Рожнов глазами отыскал свободное место и первым шагнул за низкое ограждение, пренебрегая калиткой, которая, по несуразному замыслу оформителя, была двухметровой высоты. Шустов проследовал за начальником.
Оглядевшись, полковник одобрительно покивал головой: они уже второй раз встречаются на этом месте при минимуме публики.
Самолично прибыть в Юрьев Рожнова заставили не только дела, связанные с Валентиной Ширяевой. По-прежнему полным ходом шла подготовка к встрече с Мусой Калтыговым. Он не хотел срывать командира группы с места даже на четыре часа, три из которых Шустов провел бы в дороге, а час ушел бы на инструктаж.
В этом кафе не было официантов, все, что было в ассортименте, отпускалось непосредственно со стойки. Полковник взял инициативу на себя и вскоре вернулся на место с двумя пол-литровыми стаканами ледяной пепси-колы.
Визит Рожнова в Юрьев для Олега был неожиданностью. Он не спеша потягивал прохладительный напиток, ожидая объяснений.
— Через десять-двенадцать дней Калтыгов будет в Москве, — коротко сообщил полковник. — У него уже назначена встреча с Шамилем Минвалиевым.
Для Шустова эта фраза, ставшая началом разговора, означала, что его команде дают зеленый свет. Больше ничто не может препятствовать осуществлению силового акта. Разве что Калтыгов раздумает ночевать в гостинице и после разговора с Шамилем уберется на родину. А может быть, останется, чтобы отдохнуть в "зеленой зоне" Юрьева с ружьишком в руке.
При разработке операции было решено задействовать американские штурмовые винтовки "Кольт-5,56". В недалеком прошлом винтовки "Кольт" проходили испытания в специальных подразделениях США по программе Эй-си-ар. Они назывались винтовками, но были рассчитаны как на одиночные выстрелы, так и на непрерывный огонь.

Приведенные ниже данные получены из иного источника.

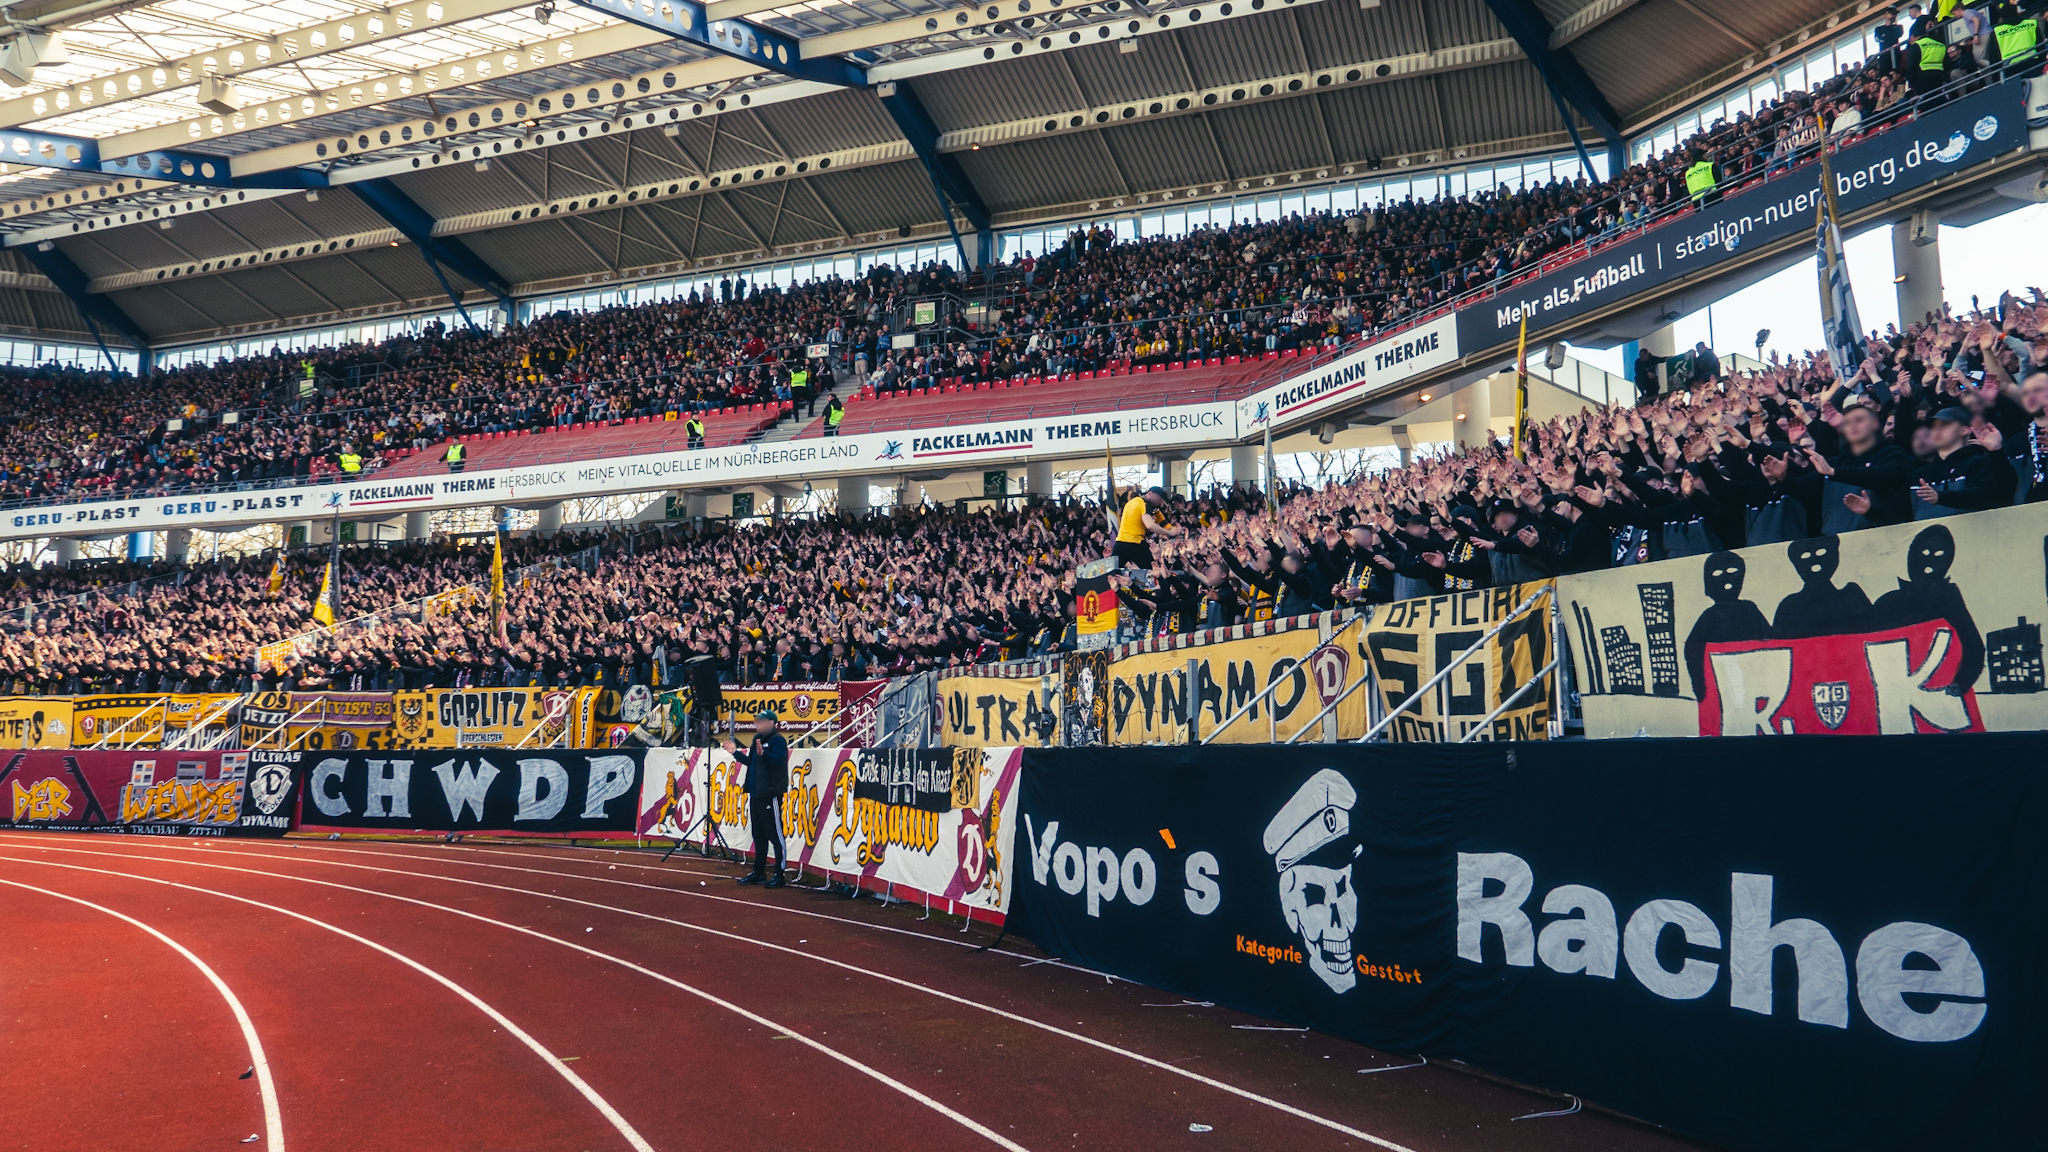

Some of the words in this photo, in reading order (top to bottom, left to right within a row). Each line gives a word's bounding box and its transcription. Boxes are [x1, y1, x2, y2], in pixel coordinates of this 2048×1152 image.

[1496, 298, 1540, 329] Mehr
[1543, 287, 1570, 311] als
[1573, 253, 1646, 295] Fußball
[1674, 139, 1940, 260] stadion-nuerberg.de
[1275, 359, 1366, 410] FACKELMANN
[1374, 330, 1439, 372] THERME
[912, 427, 1034, 451] FACKELMANN
[1046, 420, 1122, 440] THERME
[1128, 411, 1223, 433] HERSBRUCK
[350, 483, 434, 501] FACKELMANN
[443, 477, 496, 494] THERME
[499, 471, 566, 488] HERSBRUCK
[578, 466, 615, 481] MEINE
[618, 459, 702, 477] VITALQUELLE
[705, 457, 720, 470] IM
[723, 447, 817, 468] NÜRNBERGER
[820, 443, 860, 460] LAND
[1112, 656, 1308, 737] DYNAMO
[1865, 627, 1973, 735] K
[243, 709, 289, 725] JETZT
[374, 701, 392, 715] 53
[437, 689, 528, 729] GÖRLITZ
[720, 698, 787, 714] BRIGADE
[816, 699, 839, 715] 53
[251, 750, 302, 763] ULTRAS
[916, 760, 929, 793] den
[930, 760, 951, 793] Knast
[12, 776, 73, 824] DER
[122, 776, 240, 825] WENDE
[130, 824, 180, 835] TRACHAU
[1236, 934, 1303, 965] Kategorie
[1356, 953, 1423, 985] Gestört
[1456, 851, 1988, 1043] Rache

Кроме них, в арсенале команды Шустова был облегченный вариант винтовки М-16 для бесшумной стрельбы, насколько точно он помнил — четыре единицы, и еще несколько единиц иностранного производства, включая десантный вариант автомата Калашникова производства Югославии.
— Будете работать автоматами "Уивер", — неожиданно сообщил Рожнов, — пистолеты — "Зиг Про". Получишь пять опытных образцов.
— Когда? И почему опытных? — не понял Шустов.
Полковник устало махнул рукой, ему не хотелось тратить силы на пустые разговоры, объясняя, что с завода из Германии в Россию нелегально поступила партия опытных образцов пистолета под патрон "смит-вессон". Их нет ни на основном производстве, размещенном в Германии, ни в Америке, а криминальные структуры России уже вооружились ими. Ошеломляющая оперативность!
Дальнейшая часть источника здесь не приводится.